従来のIPアドレスに基づくアクセス制限は、その単純さから選ばれていましたが、最近のオフィス移転に伴い、固定IPアドレスの利用が不可能になりました。この変化は、セキュリティとアクセシビリティのバランスを再考させる重要な要因となりました。特に以下のような課題がありました。

• 固定IPアドレスの喪失：オフィス移転により、以前に利用していた固定IPアドレスが使えなくなり、IPベースのアクセスリストを維持することが不可能になりました。
• 動的なIPアドレスの問題：リモートワーカーのIPアドレスは頻繁に変わるため、IPベースのアクセスリストを常に更新する必要がありました。この作業はSREチームが担当しており、変更箇所が多いため手間がかかっていました。

どのような状態を目指していたか

ユーザーの身元を検証し、セキュアなアクセスを保証するZero Trustセキュリティモデルを採用できるようになりました。また、Cloudflareのグローバルネットワークを利用することで、パフォーマンスの向上とダウンタイムの低減を図ることができました。

• AWS ALBのOpenID Connect認証

導入にかかる手間が少なく、既存設定と干渉しないことです。

AWS ALBの既存設定をほとんど変更せずに導入できたことです。

改善したかった課題はどれくらい解決されたか

当社のセキュリティとアクセス管理を大きく向上させました。

どのような成果が得られたか

初期の設定や運用にはいくつかの課題がありましたが、それらを解決することで、より柔軟かつ安全な開発環境を実現することができました。

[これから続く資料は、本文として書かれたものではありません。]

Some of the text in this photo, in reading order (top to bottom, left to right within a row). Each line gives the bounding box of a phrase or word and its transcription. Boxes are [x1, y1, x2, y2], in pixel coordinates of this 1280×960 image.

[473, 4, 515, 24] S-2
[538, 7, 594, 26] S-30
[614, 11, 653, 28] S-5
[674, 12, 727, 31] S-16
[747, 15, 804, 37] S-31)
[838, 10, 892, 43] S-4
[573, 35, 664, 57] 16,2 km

• 苦労した点1: AWS S3の静的ウェブホスティング機能との共存

私達の開発環境では一部のサービスがAWS S3の静的ウェブホスティング機能を使用しておりHTTPでのアクセスが必要となりました。しかし、CloudflareでのSSL証明書管理はFull(Strict)モードが必要となり、HTTPS通信が必須となります。 この問題はConfiguration Rulesを使用して特定ホストへのアクセスだけSSL/TLS設定をFlexibleに変更するという設定を行うことで回避しました。

• 苦労した点2: 特定のホストへのIPアクセス制限

特定のホストだけをIPアドレスでアクセス制限したい場合、Cloudflareでグループを作成し、Bypassルールを設定しましたが、期待通りに機能しませんでした。ページ表示は可能でしたが、バックエンドへの通信時に認証画面へリダイレクトされてしまう問題が発生しました。この問題は、該当サービスのみDNS ProxyをオフにしてCloudflareを経由させないことで回避しました。

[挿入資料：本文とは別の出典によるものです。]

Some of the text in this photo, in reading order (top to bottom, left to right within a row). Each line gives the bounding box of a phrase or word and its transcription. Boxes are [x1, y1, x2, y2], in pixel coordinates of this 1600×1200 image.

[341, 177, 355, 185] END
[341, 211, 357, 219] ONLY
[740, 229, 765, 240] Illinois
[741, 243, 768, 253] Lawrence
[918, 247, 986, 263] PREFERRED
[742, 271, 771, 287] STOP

• 苦労した点3: curlなどのツールからのAPI呼び出し

curlなどのツールを使用してAPIを呼び出すと、認証画面にリダイレクトされる問題が発生しました。これを解決するために、サービストークンを発行し、リクエストヘッダに付与する方法を採用しました。Cloudflare Accessのルールを設定する際には、サービストークンを含んだアクセスを許可するルールを設定しました。このとき、ルールのアクションとしてServiceAuthを選択する必要があります。

弊社のような小規模開発チームであれば無料プランから利用することができるため、非常におすすめなツールです。